Situation Report, July 2003

 

  • Mr Jones was a very private former public servant living on the streets of Wellington who scattered angst and guilt amongst the middle classes with his presence and politeness.
  • In the days since his death, I have had no reports of real or apparent resurrections or insurrections and no incidents of small scale or wholesale conversions to the carrying of buckets in the streets.
  • He will probably be remembered as a living parable of antipathy to modern city life.
  • Only City Hall has been moved – as a precaution, I am sure – to ban the homeless from assembling or gathering together in his name.

Tongues of Ash, Keith Westwater (Interactive Press, 2011) 


 

It is perhaps fitting that recently in New Zealand, state and local agencies responsible for responding to natural disasters have begun looking to formally incorporate iwi and where they live (marae) into their response plans, so that the displaced from disaster-affected communities can be quickly roofed and fed.
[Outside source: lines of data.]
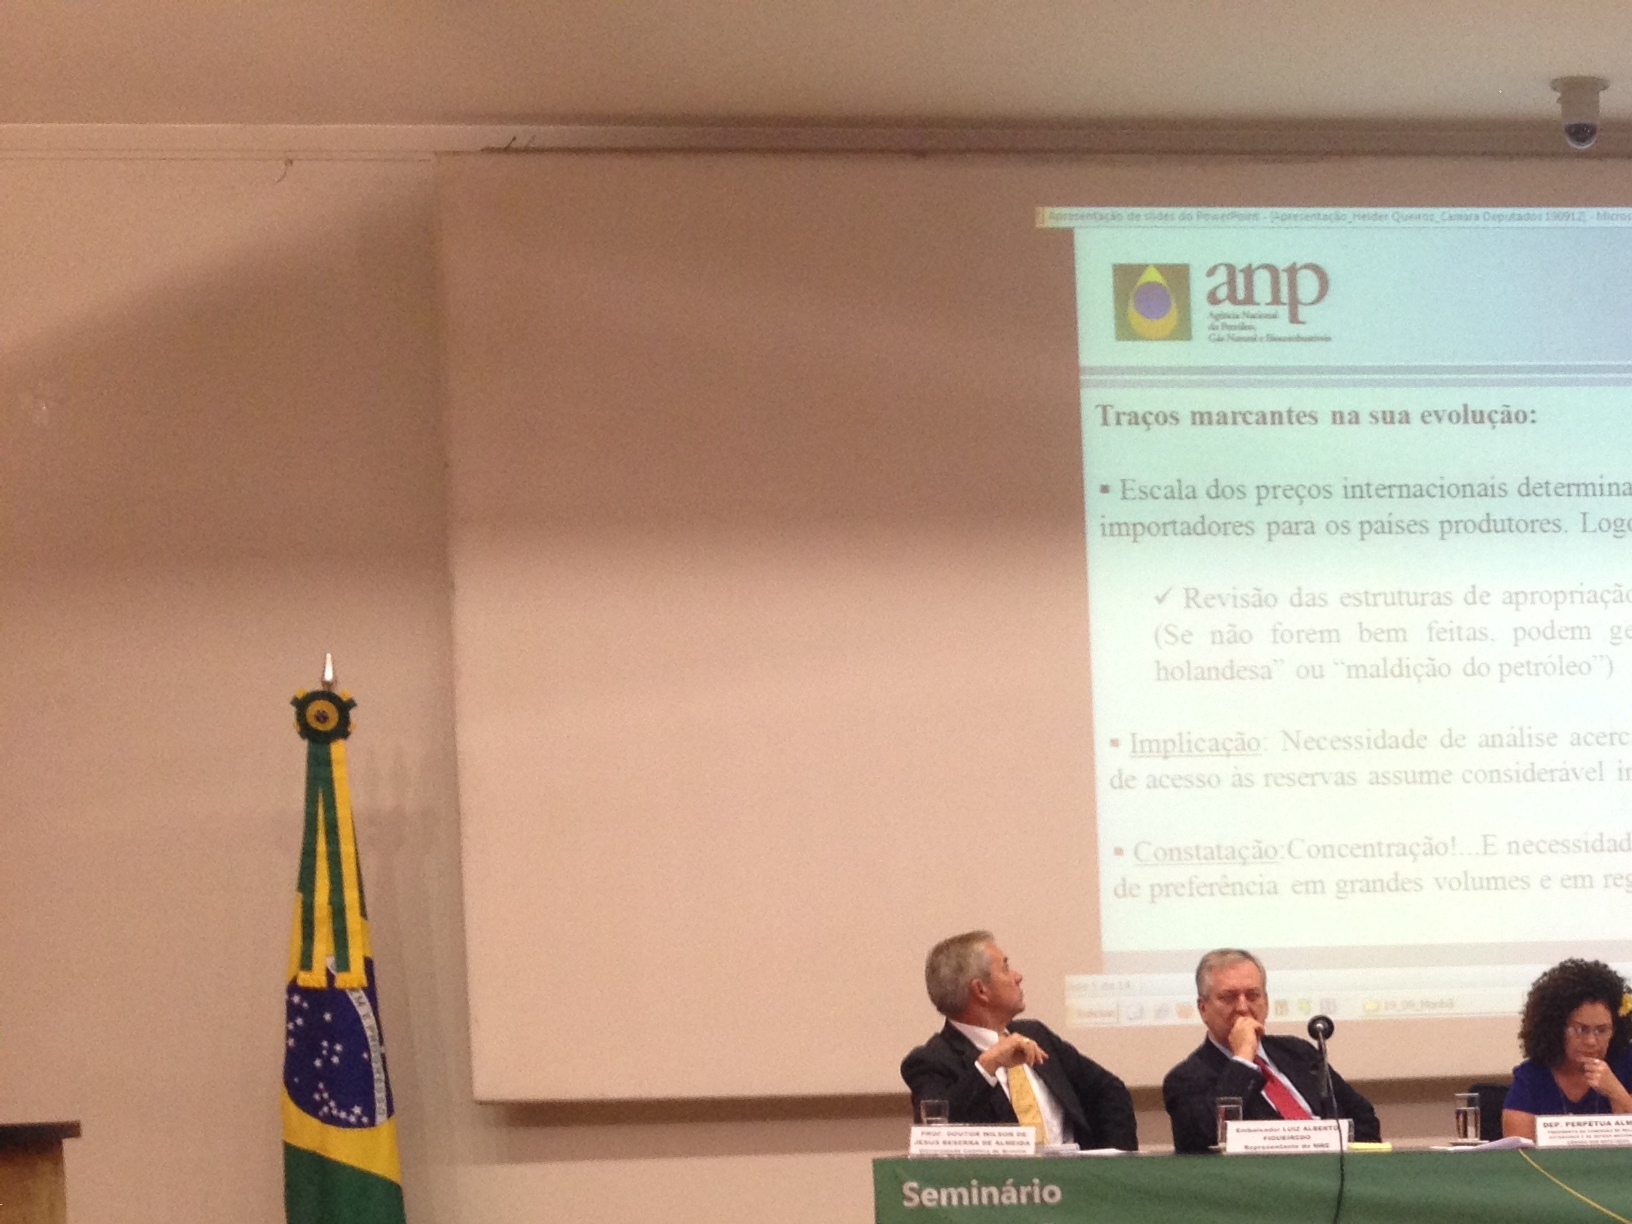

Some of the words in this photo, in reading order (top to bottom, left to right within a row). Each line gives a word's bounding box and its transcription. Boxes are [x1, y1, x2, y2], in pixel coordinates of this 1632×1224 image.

[1206, 262, 1329, 325] anp
[1095, 404, 1180, 431] Traços
[1190, 407, 1318, 426] marcantes
[1331, 410, 1360, 425] na
[1369, 410, 1411, 425] sua
[1420, 403, 1537, 429] evolução:
[1120, 478, 1198, 501] Escala
[1205, 478, 1247, 500] dos
[1255, 483, 1333, 507] preços
[1342, 476, 1508, 500] internacionais
[1100, 514, 1255, 544] importadores
[1266, 520, 1316, 542] para
[1325, 520, 1351, 536] os
[1358, 512, 1430, 542] países
[1439, 512, 1568, 541] produtores.
[1183, 586, 1278, 609] Revisão
[1289, 586, 1328, 608] das
[1339, 589, 1454, 608] estruturas
[1463, 584, 1491, 606] de
[1210, 623, 1254, 645] não
[1271, 621, 1341, 645] forem
[1357, 621, 1408, 643] bem
[1513, 619, 1592, 647] podem
[1296, 664, 1325, 679] ou
[1462, 656, 1491, 678] do
[1281, 728, 1428, 752] Necessidade
[1440, 727, 1466, 749] de
[1478, 725, 1558, 749] análise
[1109, 768, 1137, 790] de
[1146, 774, 1222, 790] acesso
[1231, 766, 1255, 788] às
[1263, 771, 1358, 788] reservas
[1368, 769, 1453, 786] assume
[1462, 760, 1604, 785] considerável
[1113, 876, 1141, 899] de
[1149, 874, 1279, 904] preferência
[1291, 879, 1326, 895] em
[1335, 871, 1424, 900] grandes
[1434, 870, 1531, 892] volumes
[1540, 875, 1552, 890] e
[1560, 874, 1595, 889] em
[902, 1178, 1062, 1208] Seminário
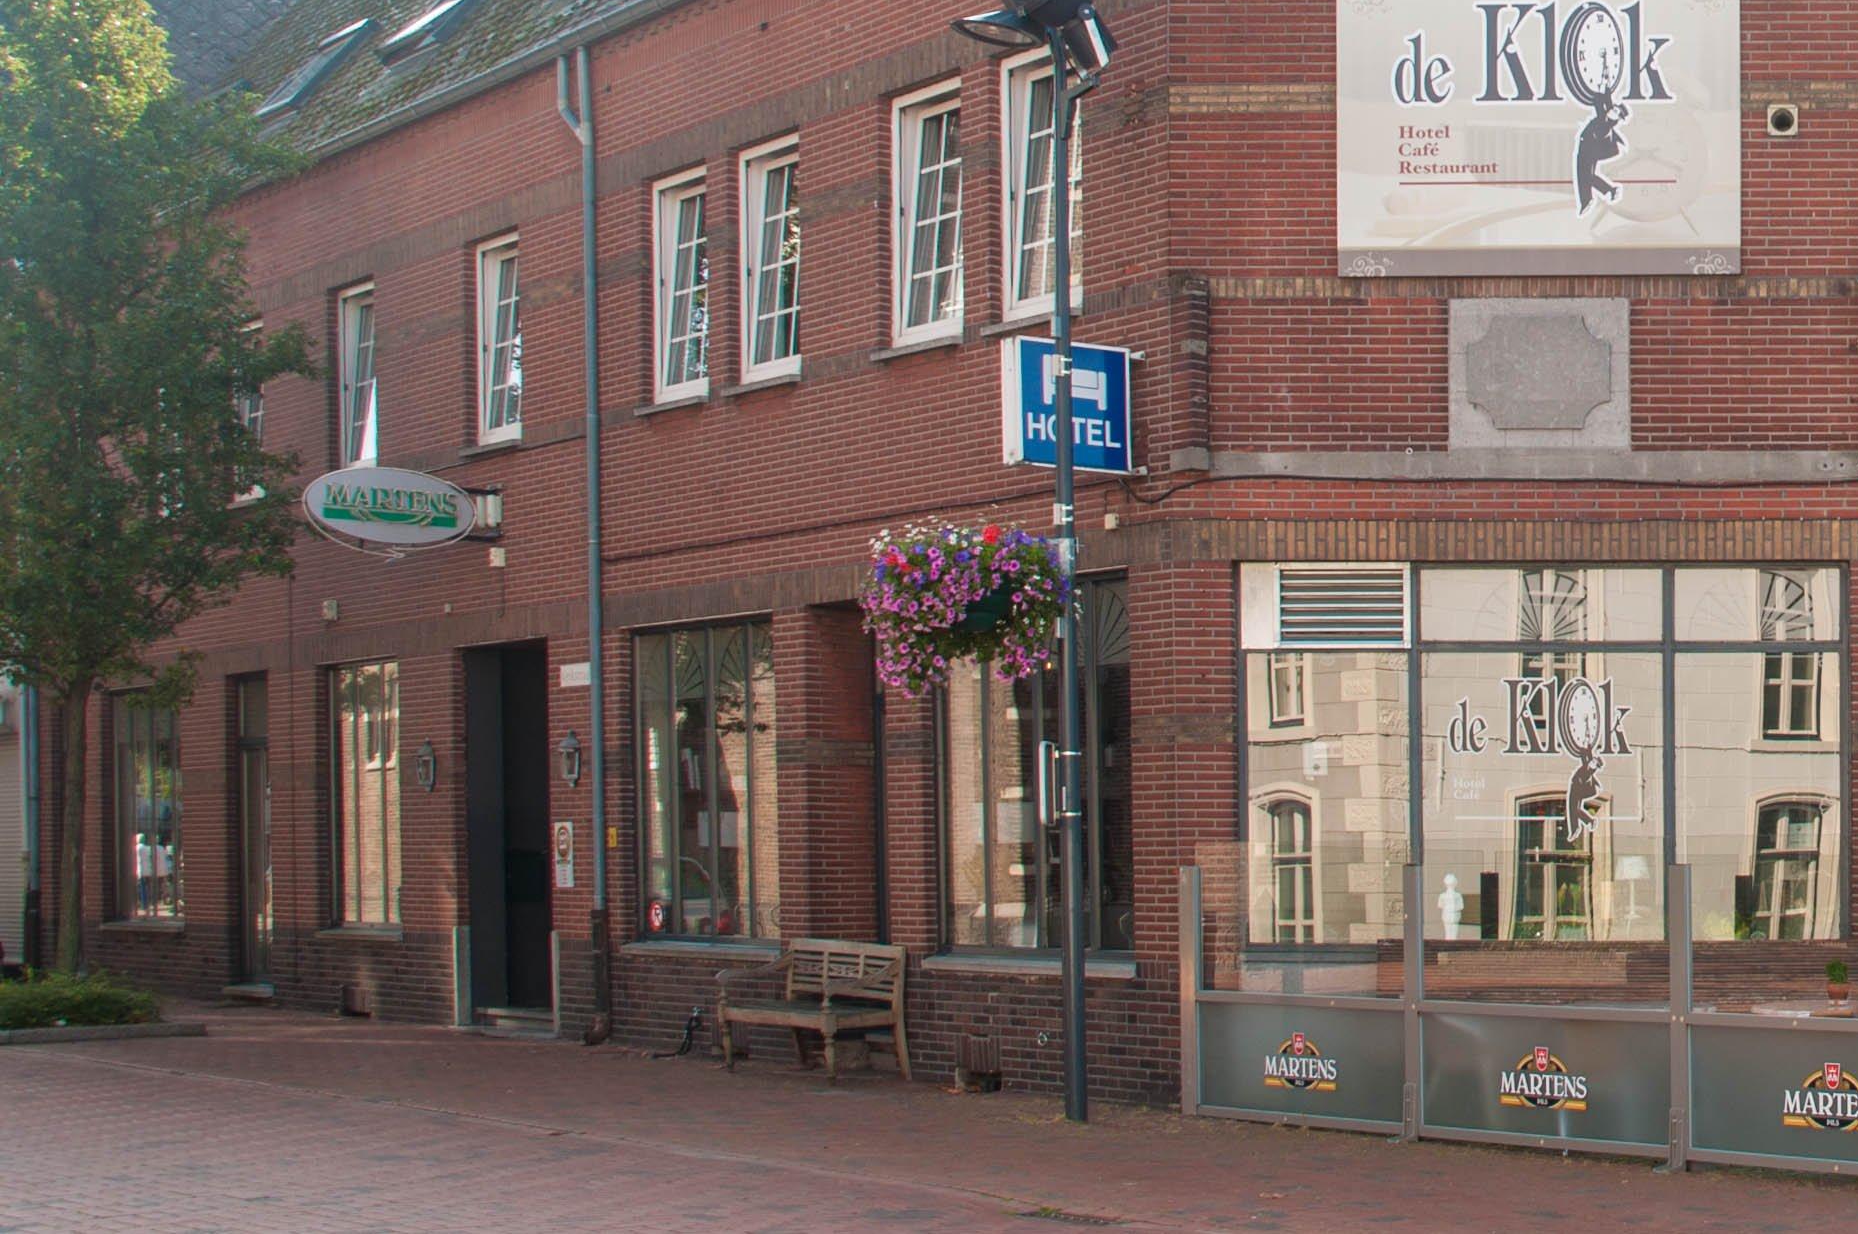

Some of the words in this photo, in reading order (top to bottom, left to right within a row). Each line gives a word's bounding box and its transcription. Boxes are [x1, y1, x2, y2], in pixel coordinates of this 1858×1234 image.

Marae have already demonstrated their ability and unselfish willingness to do just that during and following major weather and earthquake events. Now we just need the values underpinning these community acts of rescue and care to become the bedrock of reforms upon which all of society's homeless can become roofed and fed. The country has, however, just elected a new right-wing government. I won't hold my breath.